**Work item**
Could you transcribe all the entries exactly, omitting the pictures?
(Data for analysis Opens)
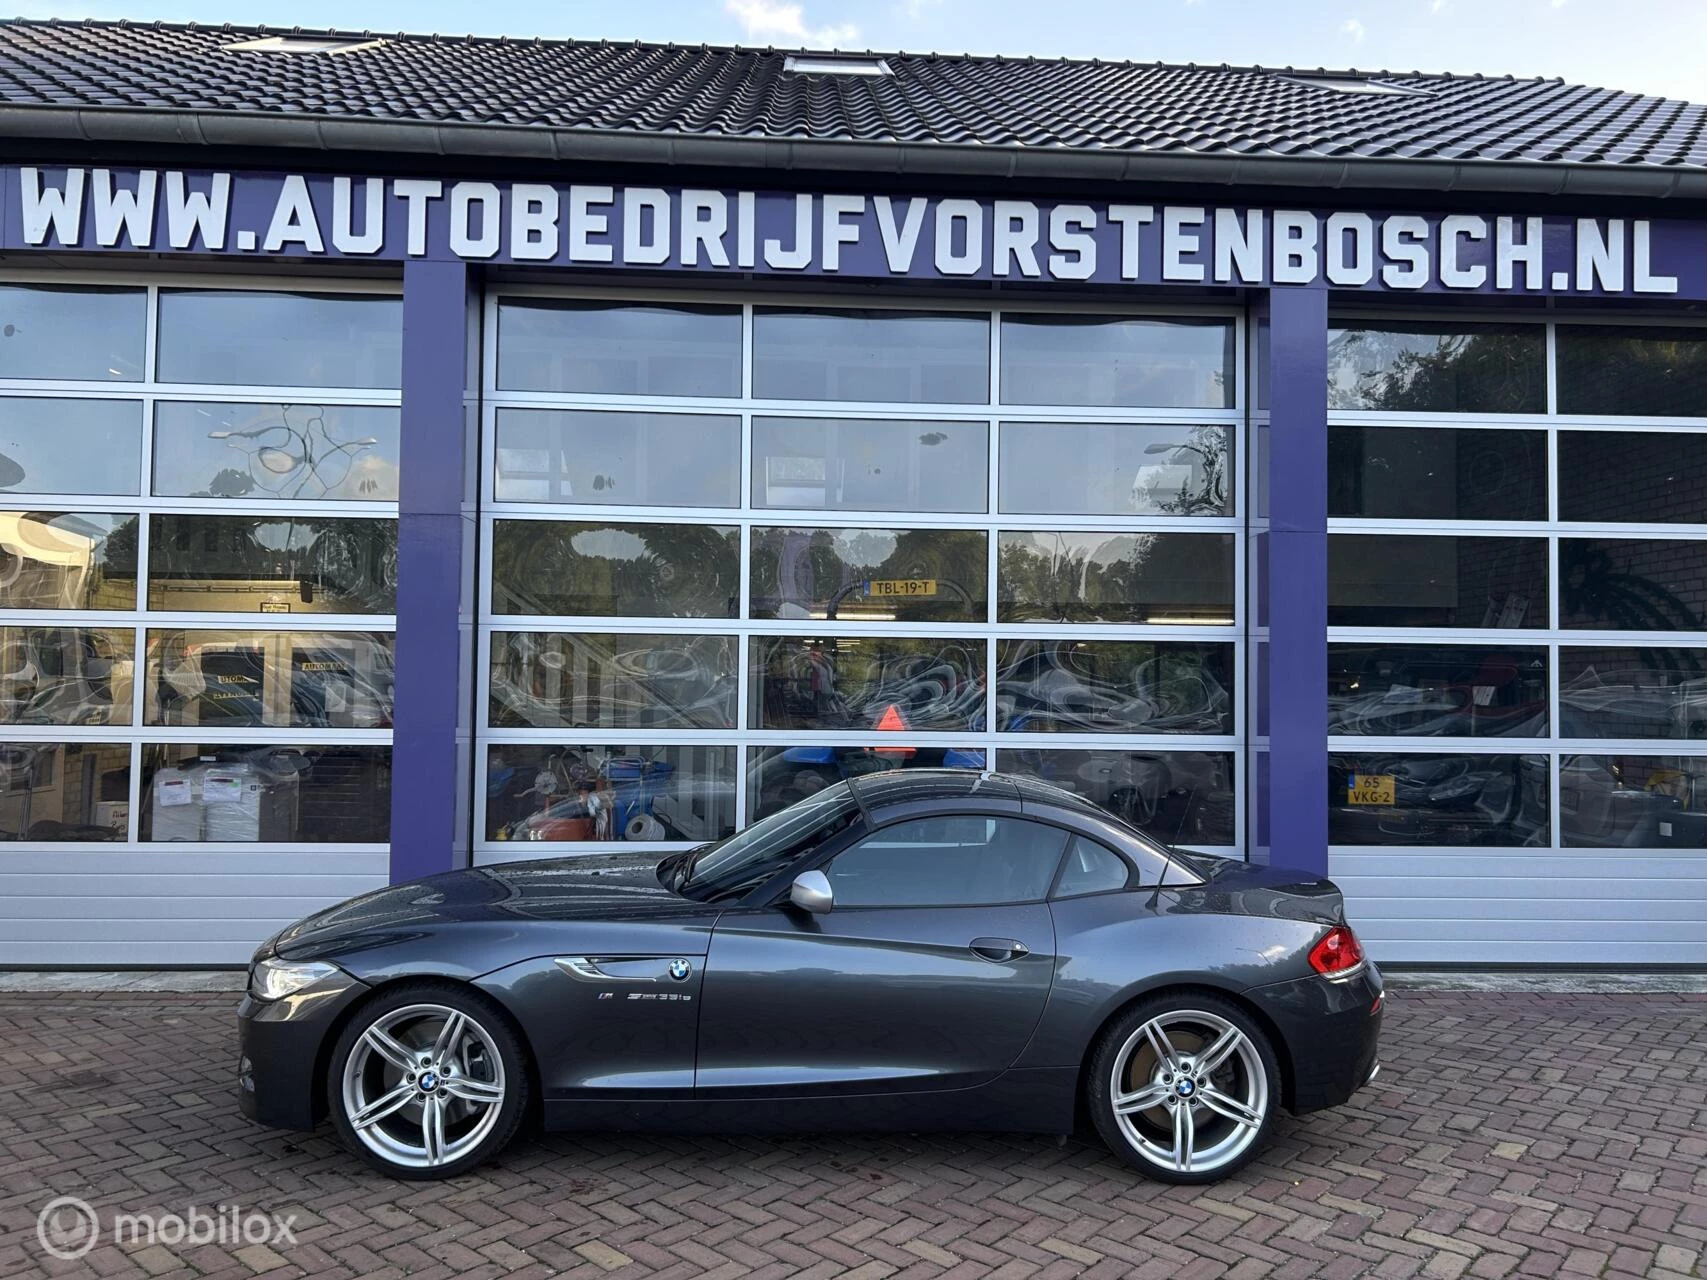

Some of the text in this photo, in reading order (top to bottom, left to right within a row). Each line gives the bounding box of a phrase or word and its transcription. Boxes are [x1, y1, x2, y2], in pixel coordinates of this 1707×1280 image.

[20, 167, 1679, 293] WWW.AUTOBEDRIJFVORSTENBOSCH.NL
[876, 581, 930, 595] TBL-19-T
[1363, 776, 1381, 789] 65
[1352, 790, 1391, 803] VKG-2
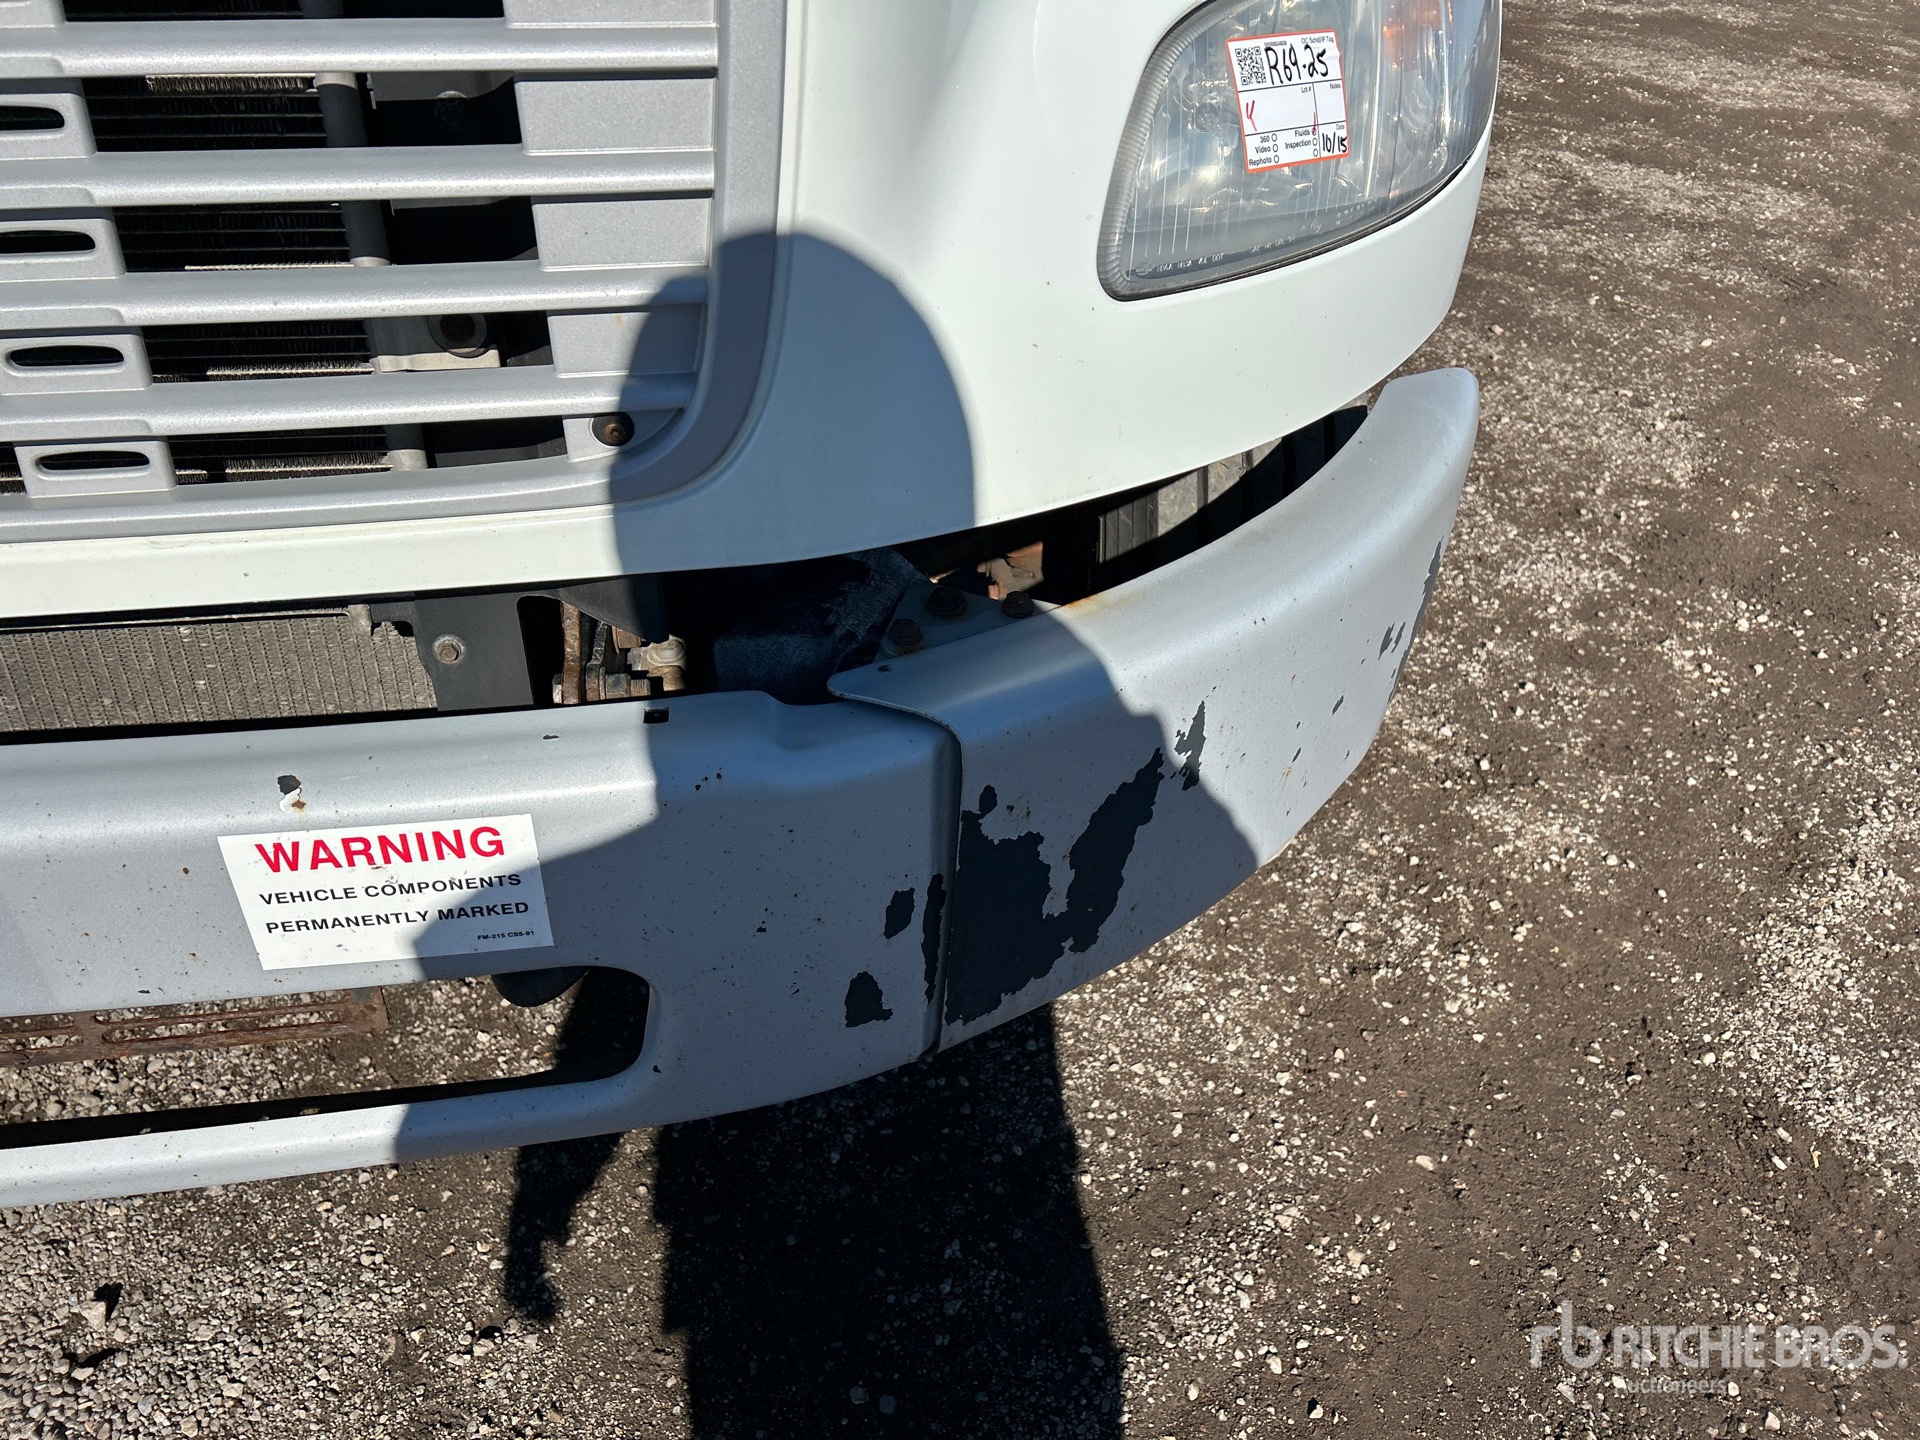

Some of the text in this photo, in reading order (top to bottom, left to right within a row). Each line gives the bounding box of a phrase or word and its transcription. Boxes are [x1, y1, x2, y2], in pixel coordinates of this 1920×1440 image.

[1294, 129, 1310, 138] Fluids
[1255, 146, 1271, 154] Video
[1285, 138, 1312, 149] Inspection
[1322, 132, 1348, 154] 10/15
[1248, 158, 1272, 167] Rephoto
[255, 826, 505, 873] WARNING
[259, 873, 522, 905] VEHICLE COMPONENTS
[265, 901, 529, 934] PERMANENTLY MARKED
(Data for analysis Closes)
**Completed exercise**
Some of the text in this photo, in reading order (top to bottom, left to right within a row). Each line gives the bounding box of a phrase or word and its transcription. Boxes are [x1, y1, x2, y2], in pixel coordinates of this 1707×1280 image.

[20, 167, 1679, 293] WWW.AUTOBEDRIJFVORSTENBOSCH.NL
[876, 581, 930, 595] TBL-19-T
[1363, 776, 1381, 789] 65
[1352, 790, 1391, 803] VKG-2

Some of the text in this photo, in reading order (top to bottom, left to right within a row). Each line gives the bounding box of a phrase or word and its transcription. Boxes are [x1, y1, x2, y2], in pixel coordinates of this 1920×1440 image.

[1294, 129, 1310, 138] Fluids
[1255, 146, 1271, 154] Video
[1285, 138, 1312, 149] Inspection
[1322, 132, 1348, 154] 10/15
[1248, 158, 1272, 167] Rephoto
[255, 826, 505, 873] WARNING
[259, 873, 522, 905] VEHICLE COMPONENTS
[265, 901, 529, 934] PERMANENTLY MARKED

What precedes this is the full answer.